United States District Court, Fourth Circuit

January 16, 2014

KENYATTA C. ROSS #290-752, Plaintiff,
v.
WEXFORD HEALTH SOURCES, INC., et al., Defendants.

MEMORANDUM OPINION

ROGER W. TITUS, District Judge.

This 42 U.S.C. ยง 1983 prisoner civil rights action seeks money damages and injunctive relief for the alleged denial of proper medical care.[1] Kenyatta C. Ross ("Ross"), a Maryland Division of Correction ("DOC") prisoner housed at North Branch Correctional Institution ("NBCI"), claims that prison health care providers have delayed and/or withheld proper diagnostic tests and treatment for an elbow injury sustained in April of 2010, resulting in permanent nerve damage, daily pain, and discomfort. Ross named individual health care providers Ava Joubert, M.D., Colin Ottey, M.D., Renalto Espina, M.D. (hereinafter "Espina"), Stephen Ryan, M.D., and Physicians' Assistants Greg Flury and Lisa Schindler.[2] Prison health care providers Wexford Health Sources, Inc. (hereinafter "Wexford")[3] and Corizon, Inc. were also named in the Complaint.
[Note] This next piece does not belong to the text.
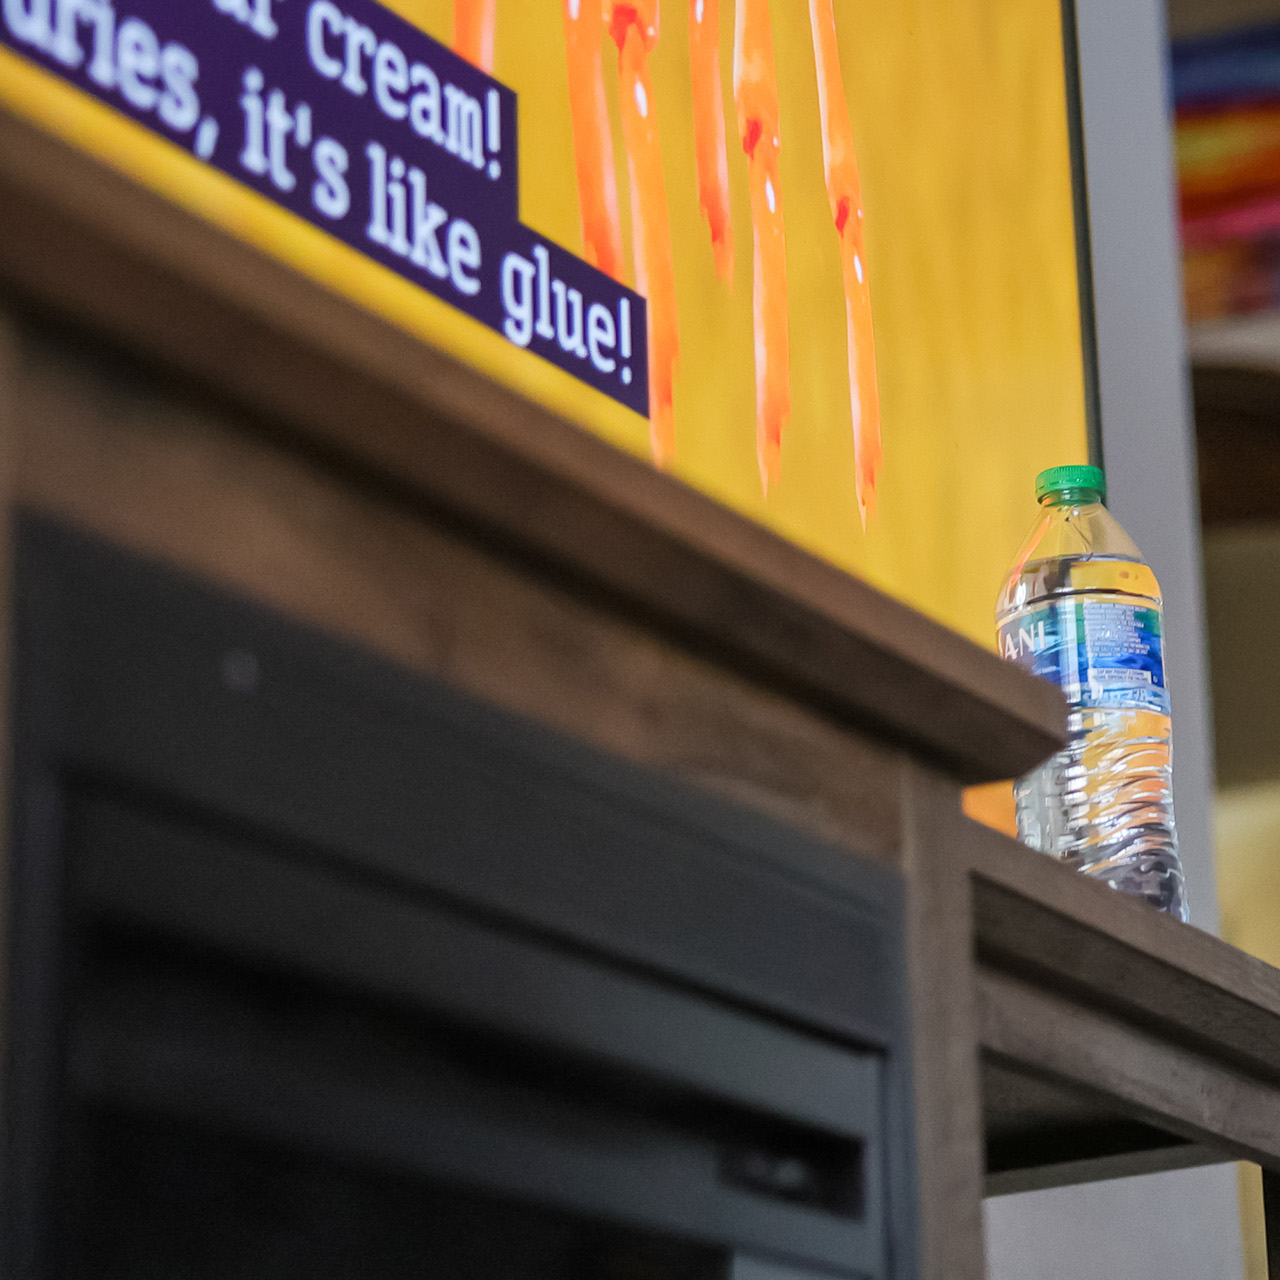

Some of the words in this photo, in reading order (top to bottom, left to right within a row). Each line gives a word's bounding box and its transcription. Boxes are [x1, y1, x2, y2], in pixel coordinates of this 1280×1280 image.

Defendants Corizon, Joubert, Ottey, Flury, Ryan and Schindler have been granted summary judgment or dismissed from the case. ECF Nos. 27 and 28. Defendants Wexford and Espina have filed court-ordered supplemental dispositive motions construed as Motions for Summary Judgment. ECF Nos. 29 and 31. Plaintiff has filed a cross Motion for Summary Judgment (ECF No. 35), opposed by both remaining Defendants (ECF Nos. 37 and 38).[4] A hearing is not needed to resolve the constitutional issues presented. See Local Rule 105.6. (D. Md. 2011).

Standard of Review

Pursuant to Federal Rule of Civil Procedure 56(a):

A party may move for summary judgment, identifying each claim or defense-or the part of each claim or defense-on which summary judgment is sought. The court shall grant summary judgment if the movant shows that there is no genuine dispute as to any material fact and the movant is entitled to judgment as a matter of law. The court should state on the record the reasons for granting or denying the motion.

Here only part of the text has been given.